Keine Kunst – kann weg

Big Brother oder Big Shit?

Trash kann toll sein. Auch im TV. Selbst für Cineasten, die sonst eine Homo Faber Verfilmung vorziehen würden, kann nach einem gefühlten 36-Stunden-Tag Stumpfsinn auf der Mattscheibe eine kurzweilige Erlösung sein. Unser Geist braucht Pausen. Pausen, in denen die Synapsen vom ständigen Jagdfieber nach Erfolg und Bestätigung wieder etwas abkühlen können. Da darfs auch mal etwas deftiger zugehen und gern auch mal maßvoll anspruchslos. Wenn wir dann allerdings bei unserem spätabendlichen Pilgern durchs Programm statt der erhofften Befreiung von unserer Alltagspein aus Versehen bei Promi Big Brother landen, passiert was Erstaunliches: Unseren letzten noch arbeitswilligen Gehirnzellen wird hier ein nihilistisches Spektakel geboten, das selbst geübteste Fremdschämer zum äußersten Anschlag bringt.

Hau den Lukas und reichlich Warten auf Godot oder so.

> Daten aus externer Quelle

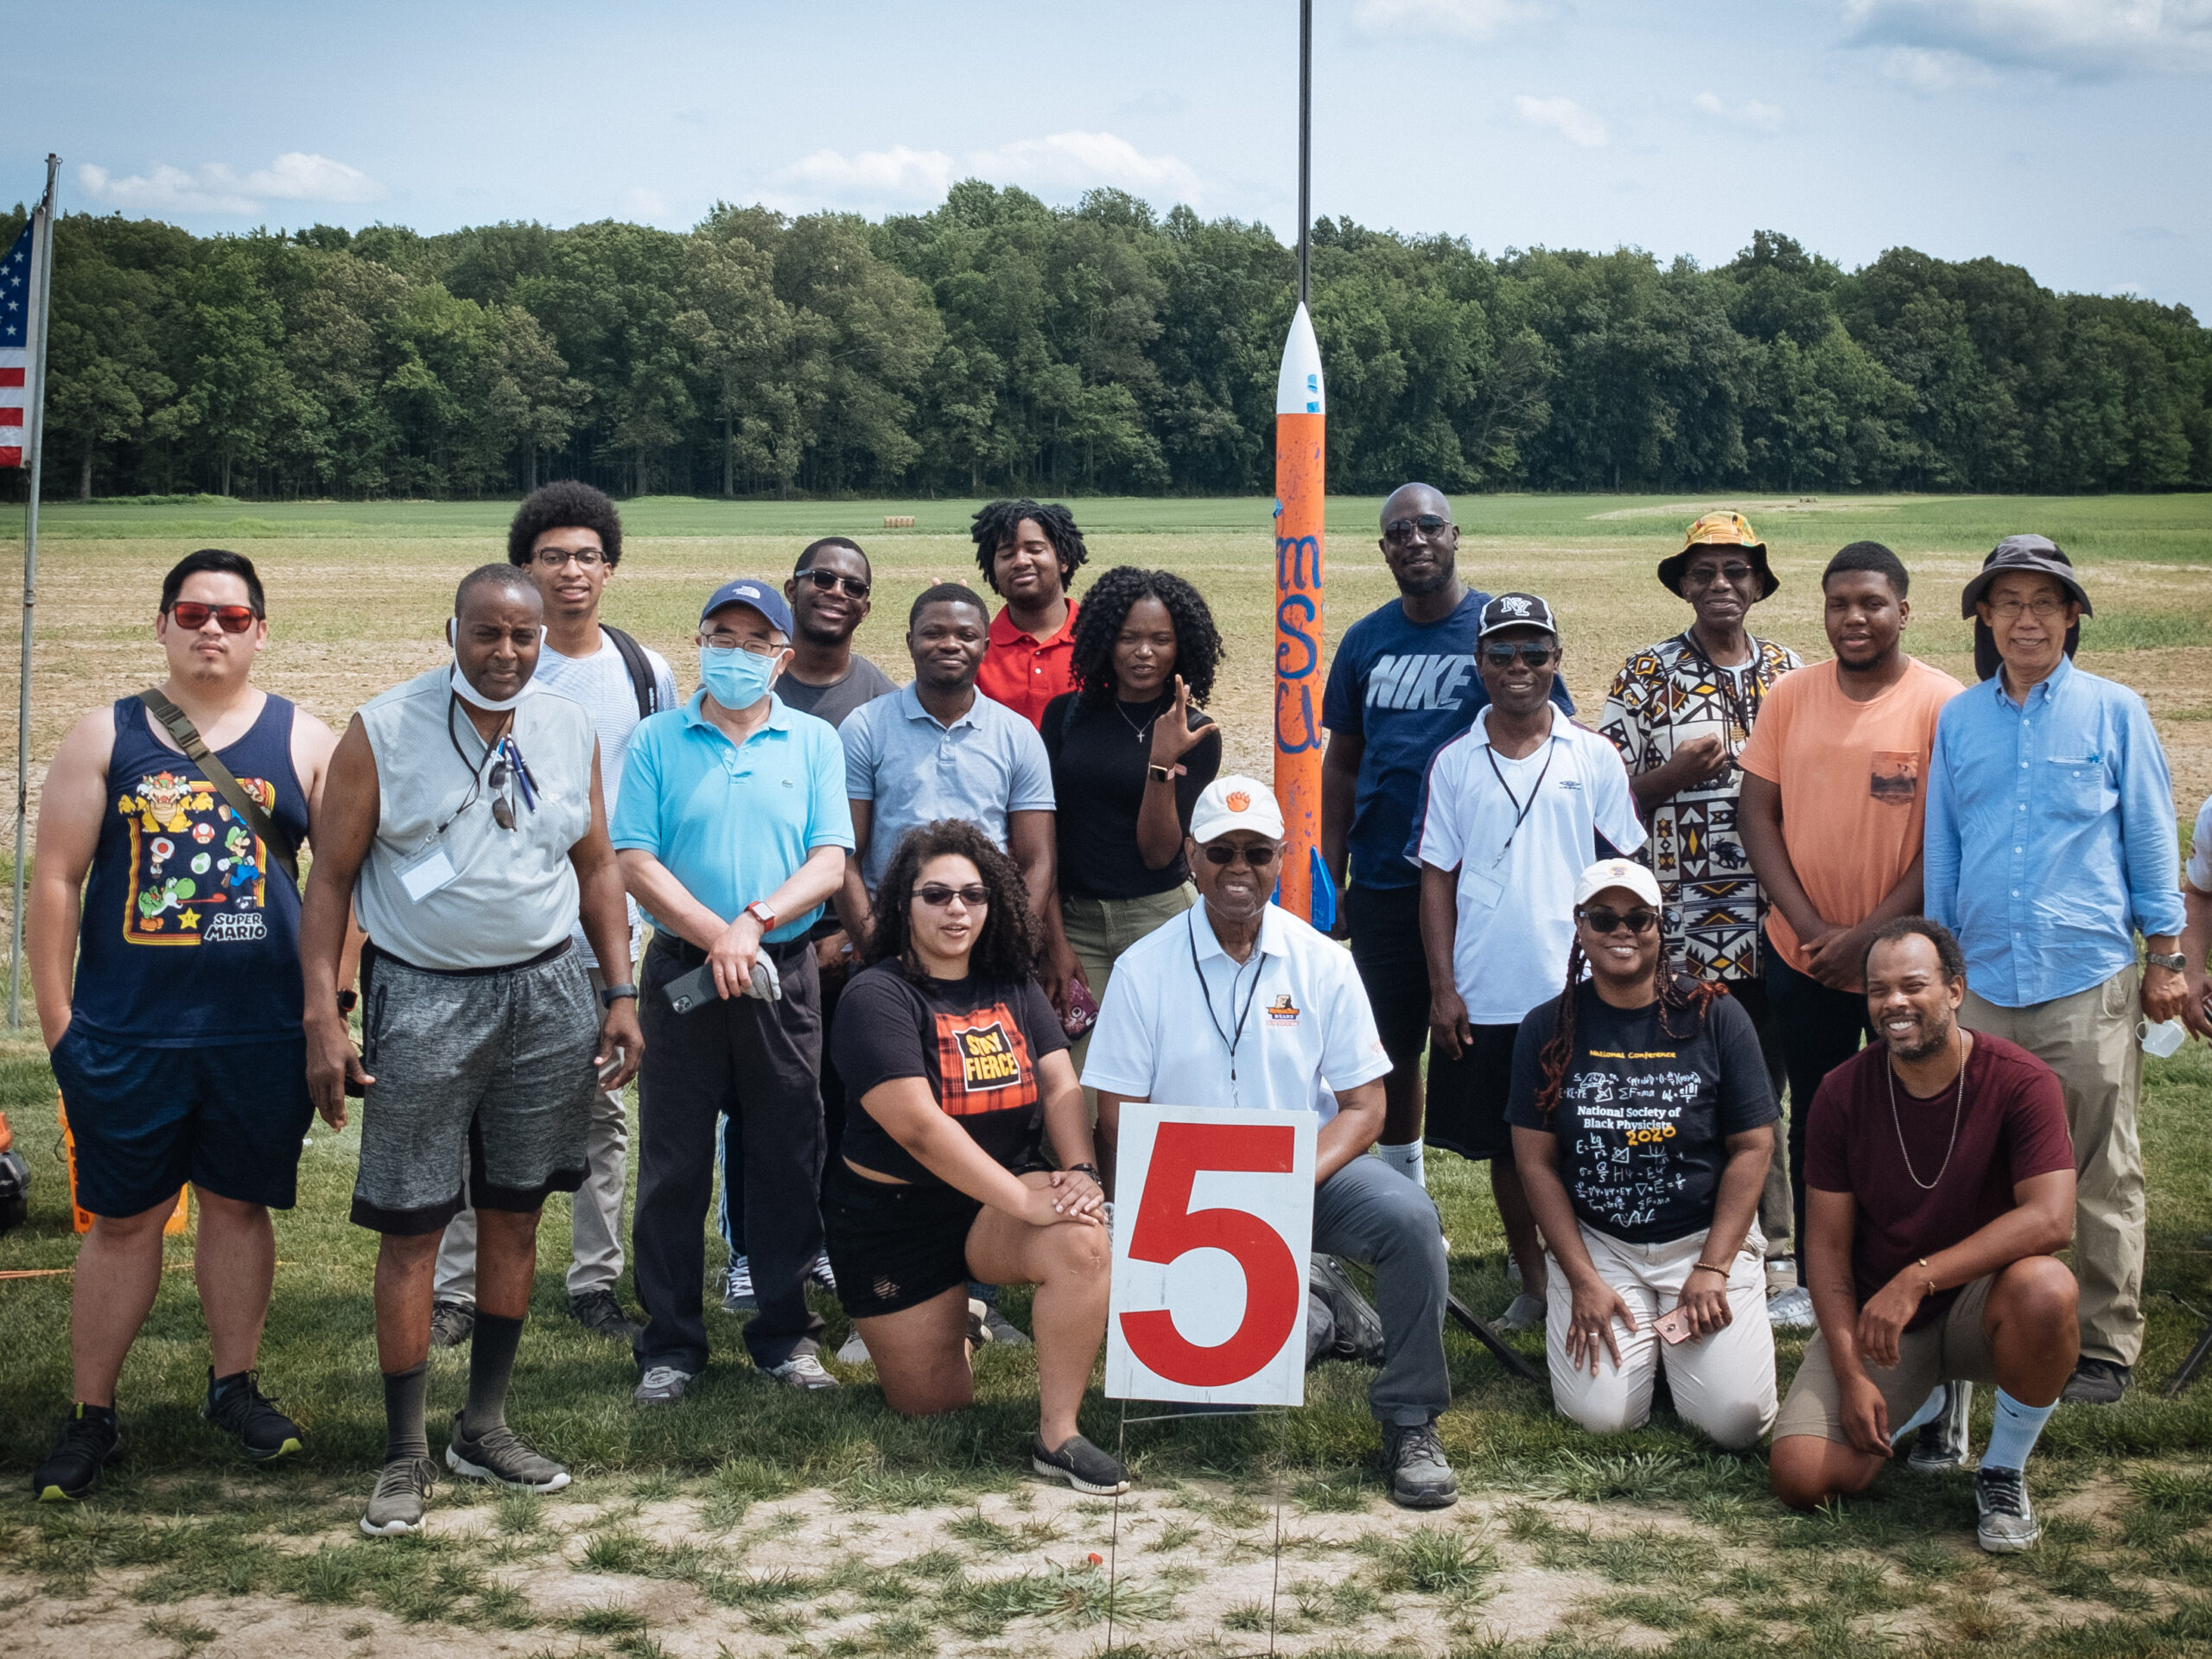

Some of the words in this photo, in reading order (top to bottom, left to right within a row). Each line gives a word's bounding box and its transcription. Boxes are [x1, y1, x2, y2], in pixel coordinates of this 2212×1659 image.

Als echte Galavorstellung tat sich entsprechend gestern das Finale selbiger Sendung hervor. Stunden, die man selbst noch mit einem Fahrplanstudium der Deutschen Bahn sinnvoller genutzt hätte. Warum? Es tat sich nix. Okay, doch. Es wurden Promis ausgestellt. Es wurden uns Einblicke in dunkelste Abgründe gewährt. Mehr noch: Es wurden uns miese Schauspieleinlagen als gefühlsecht verkauft. Der bittersüße Kakao wurde einfach mal endlos gestreckt, durch den die freiwillig internierten C-Sternchen der Unterhaltungsbranche am Ende der Staffel nochmal gezogen wurden. Warten auf eine bahnbrechende Neuigkeit aus den Mündern der Prominenz. Warten auf eine gute Aktion. Warten auf die Wiederherstellung der menschlichen Würde. Warten auf irgendeine gesellschaftsrelevante Erkenntnis. Warten, wer raus muss, weil die Gunst der Zuschauer für sie oder ihn nicht mehr reicht. Warten.

Entzugsklinik RTL: Luxus futsch, Manieren futsch.

Für meinen Geschmack war dieses an Flachheit nicht mehr zu unterbietende Kleingeistkonzept des Produzenten eine Götterdämmerung der besonderen Art. Hier wird nicht nur der gemeine VIP dank seiner Mithilfe vom drittklassigen Stühlchen gestürzt, auch mein Mindestmaß an Unterhaltungsanspruch wird hier mit allzu laxen Füßen getreten. Da wünscht man sich doch inständig das NDR Pausenvideo mit Walross Antje zurück. Das rührt wenigstens an den richtigen Stellen.

2 Gedanken zu „Keine Kunst – kann weg

  1. Antje, das Walross, herrlich! Das waren noch Zeiten! Und jetzt nur noch warten aufs Bonmot…meistens eben ohne Erfolg!
    Feiner Beitrag, gut, dass ich den Sch… nicht sehen musste!

    • Danke!

      Für Bonmots rate ich zum Umschalten auf einen anderen Kanal …

      Und für mehr Antjes, Knuts und wahrhaft Sehenswertes garantieren zum Beispiel verlässlich die Tierdokus von BBC!